Exercise description - For this exercise, write out each entry below exactly, omitting the images.

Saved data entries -
# # #
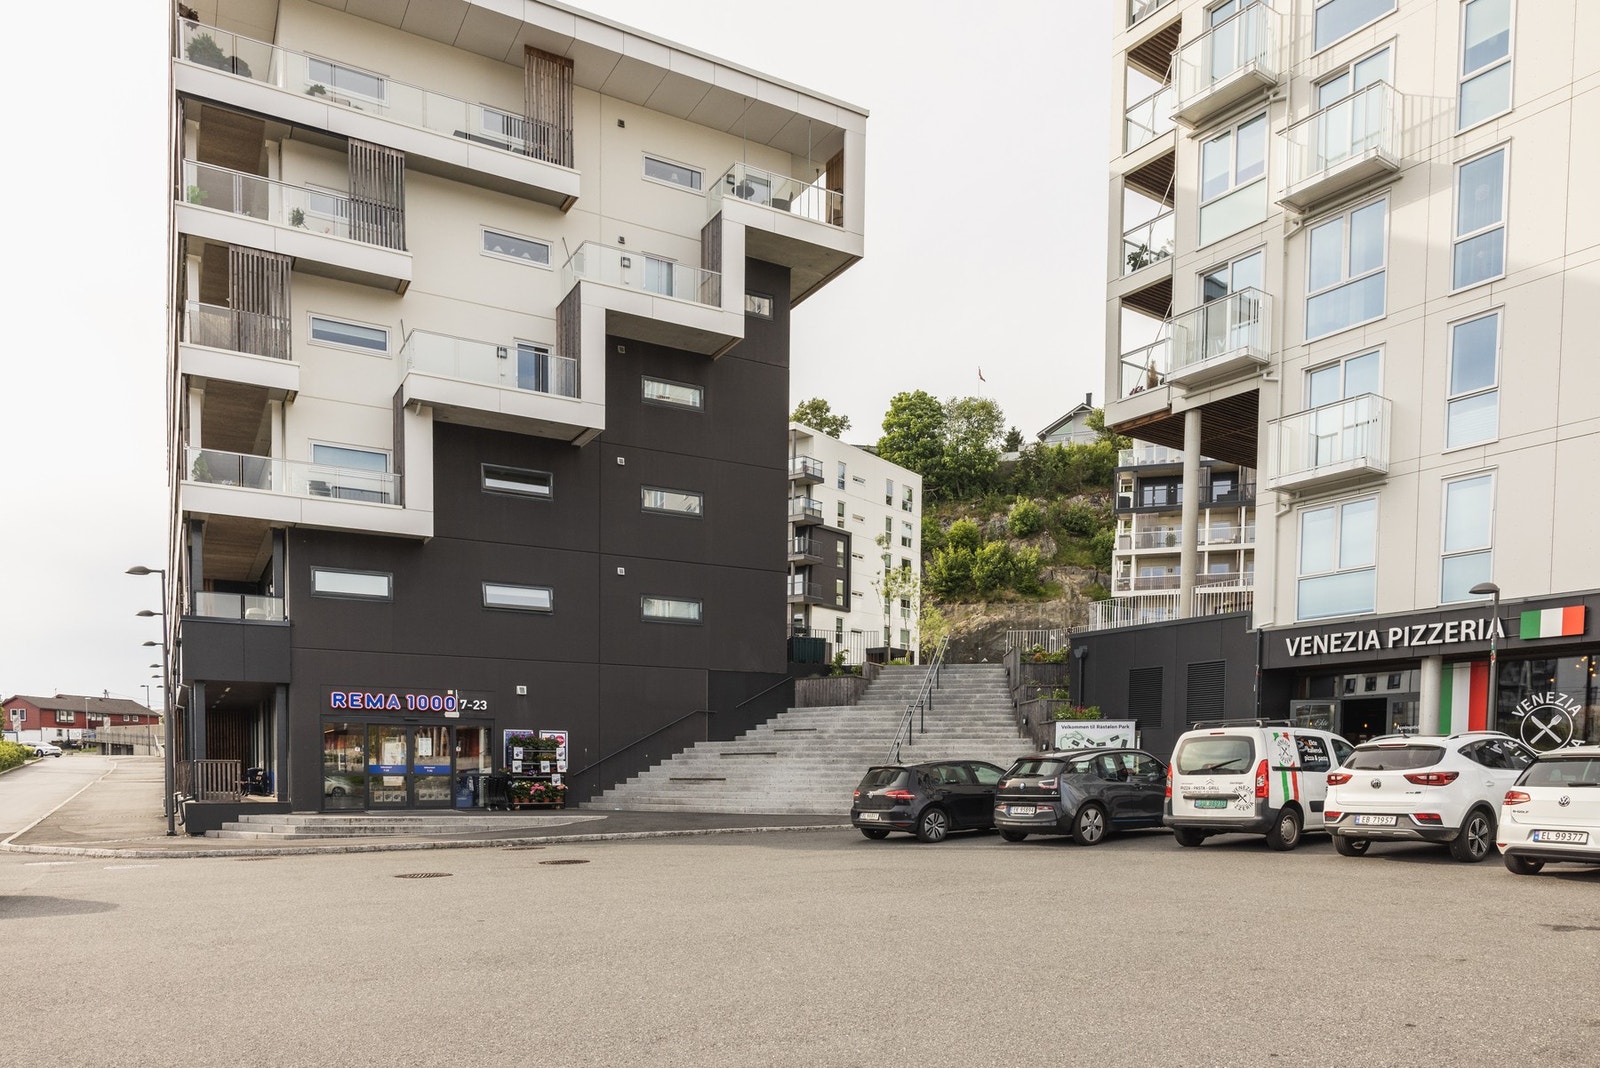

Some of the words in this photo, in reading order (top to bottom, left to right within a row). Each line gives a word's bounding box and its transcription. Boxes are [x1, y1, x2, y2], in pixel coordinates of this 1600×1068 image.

[1285, 629, 1381, 657] VENEZIA
[1388, 617, 1506, 648] PIZZERIA
[330, 691, 401, 710] REMA
[406, 694, 457, 711] 1000
[460, 699, 488, 711] 7-23
[1511, 691, 1582, 718] VENEZIA
[1232, 785, 1254, 795] VENEZIA
[1372, 816, 1394, 824] 71957
[1541, 831, 1551, 840] EL
[1555, 832, 1584, 842] 99377
# # #
Response below -
Some of the words in this photo, in reading order (top to bottom, left to right within a row). Each line gives a word's bounding box and its transcription. Boxes are [x1, y1, x2, y2], in pixel coordinates of this 1600×1068 image.

[1285, 629, 1381, 657] VENEZIA
[1388, 617, 1506, 648] PIZZERIA
[330, 691, 401, 710] REMA
[406, 694, 457, 711] 1000
[460, 699, 488, 711] 7-23
[1511, 691, 1582, 718] VENEZIA
[1232, 785, 1254, 795] VENEZIA
[1372, 816, 1394, 824] 71957
[1541, 831, 1551, 840] EL
[1555, 832, 1584, 842] 99377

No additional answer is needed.